[Records from a data source]
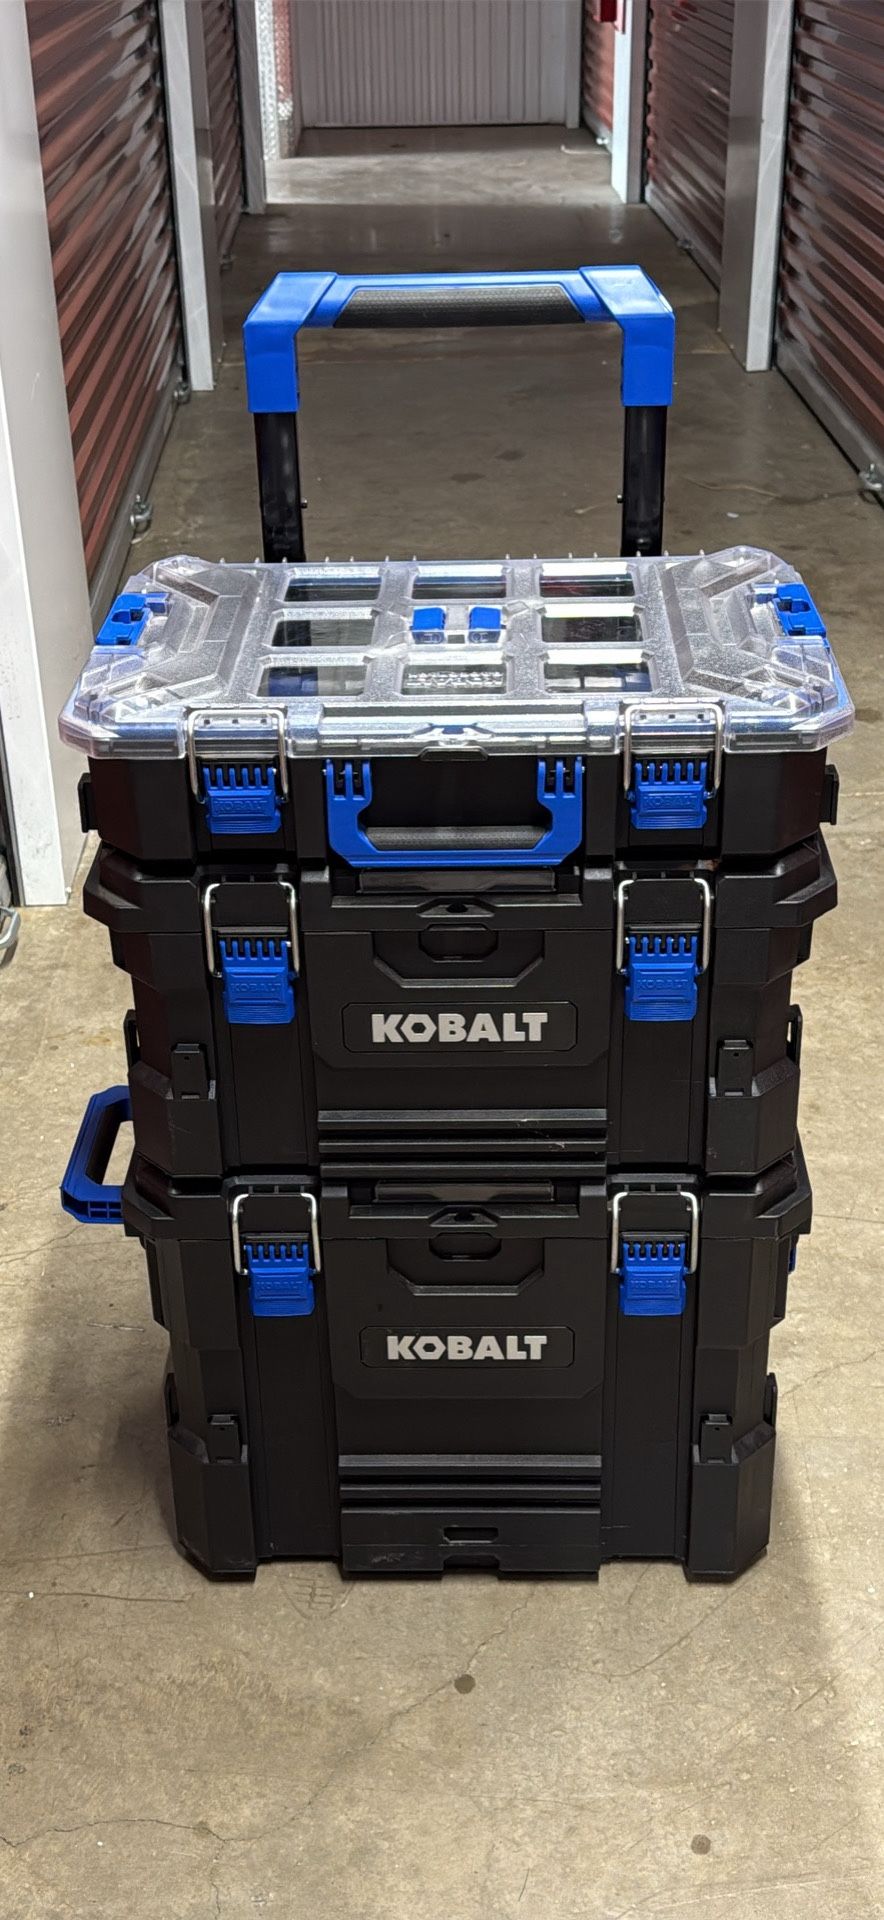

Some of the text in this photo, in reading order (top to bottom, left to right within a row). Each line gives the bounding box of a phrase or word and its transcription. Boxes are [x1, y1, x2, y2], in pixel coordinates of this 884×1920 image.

[230, 983, 281, 992] KOBALT
[371, 1012, 548, 1043] KOBALT
[387, 1335, 547, 1360] KOBALT
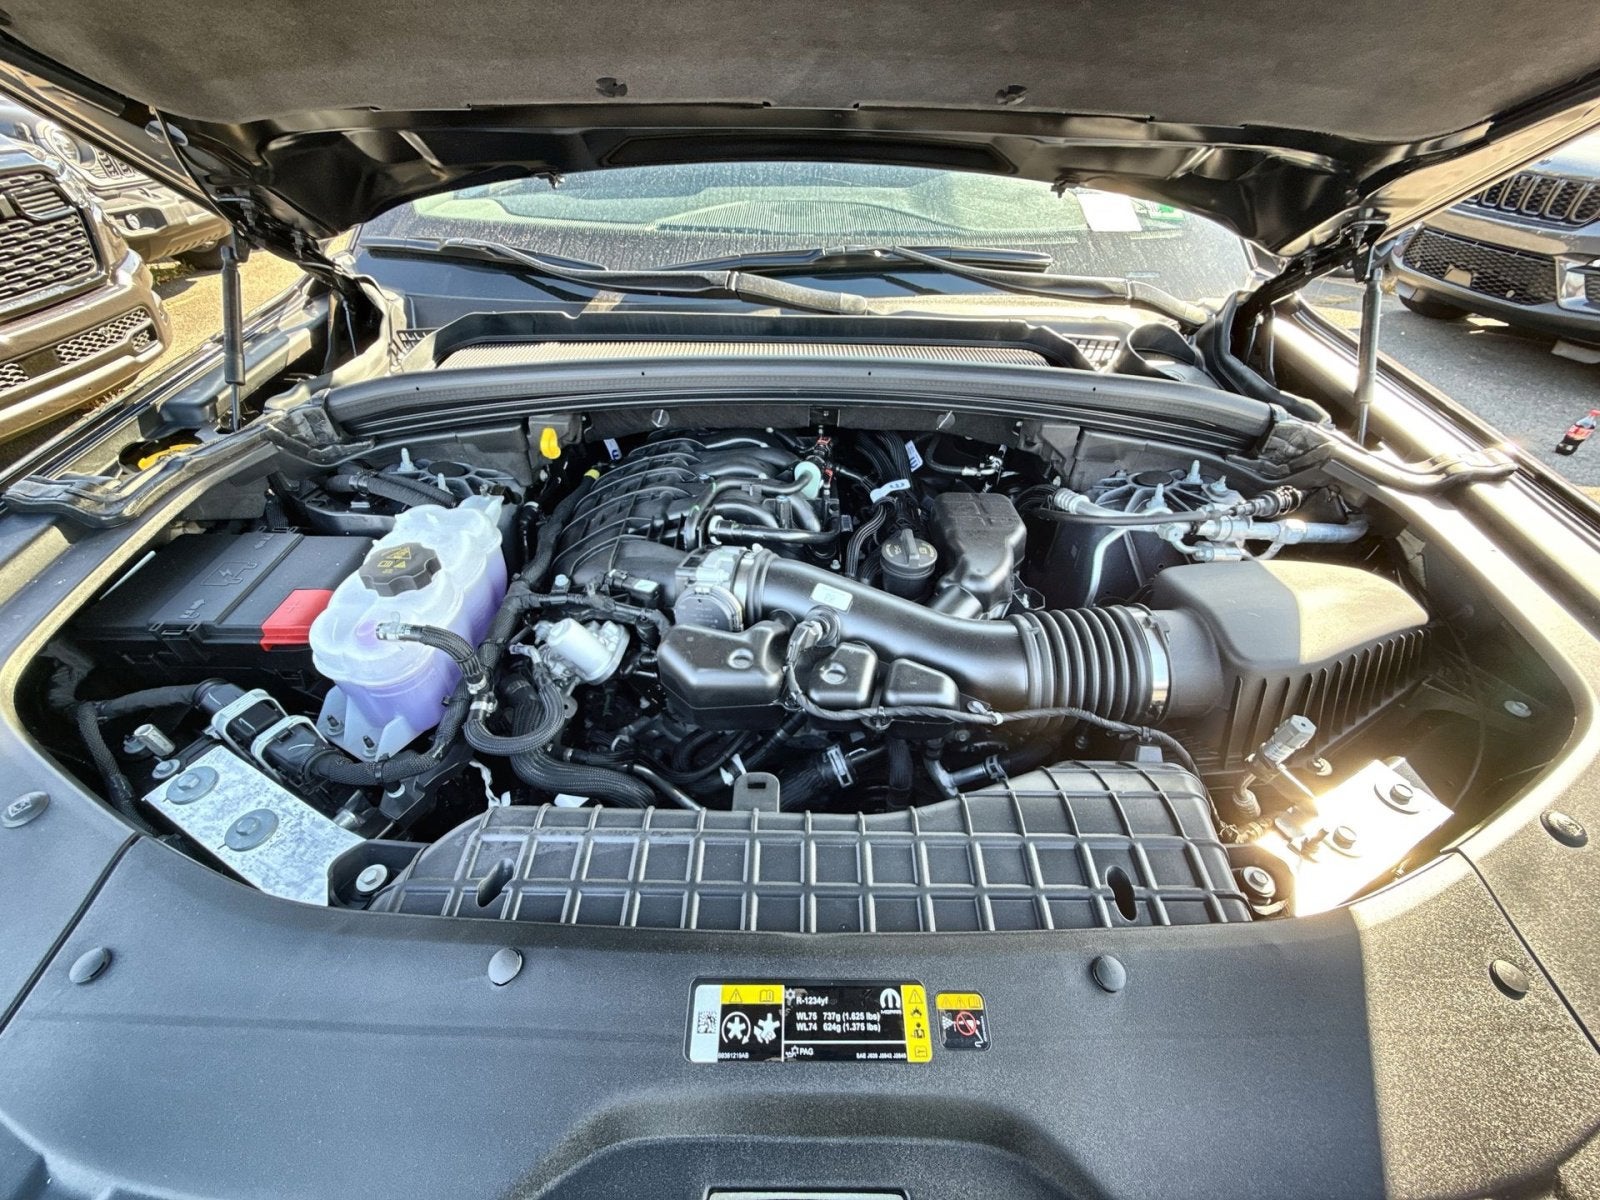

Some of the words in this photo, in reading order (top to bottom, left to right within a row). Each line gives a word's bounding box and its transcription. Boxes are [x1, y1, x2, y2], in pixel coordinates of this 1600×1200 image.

[WORK TO BE COMPLETED] Leaving out only the pictures, retype every record exactly.

[SOLUTION BELOW]
Some of the text in this photo, in reading order (top to bottom, left to right within a row). Each line gives the bounding box of a phrase or word and its transcription. Boxes are [x1, y1, x2, y2], in pixel coordinates of this 884×1920 image.

[230, 983, 281, 992] KOBALT
[371, 1012, 548, 1043] KOBALT
[387, 1335, 547, 1360] KOBALT

Some of the words in this photo, in reading order (top to bottom, left to right within a row). Each line gives a word's bounding box and its transcription. Boxes are [x1, y1, x2, y2], in pixel coordinates of this 1600×1200 image.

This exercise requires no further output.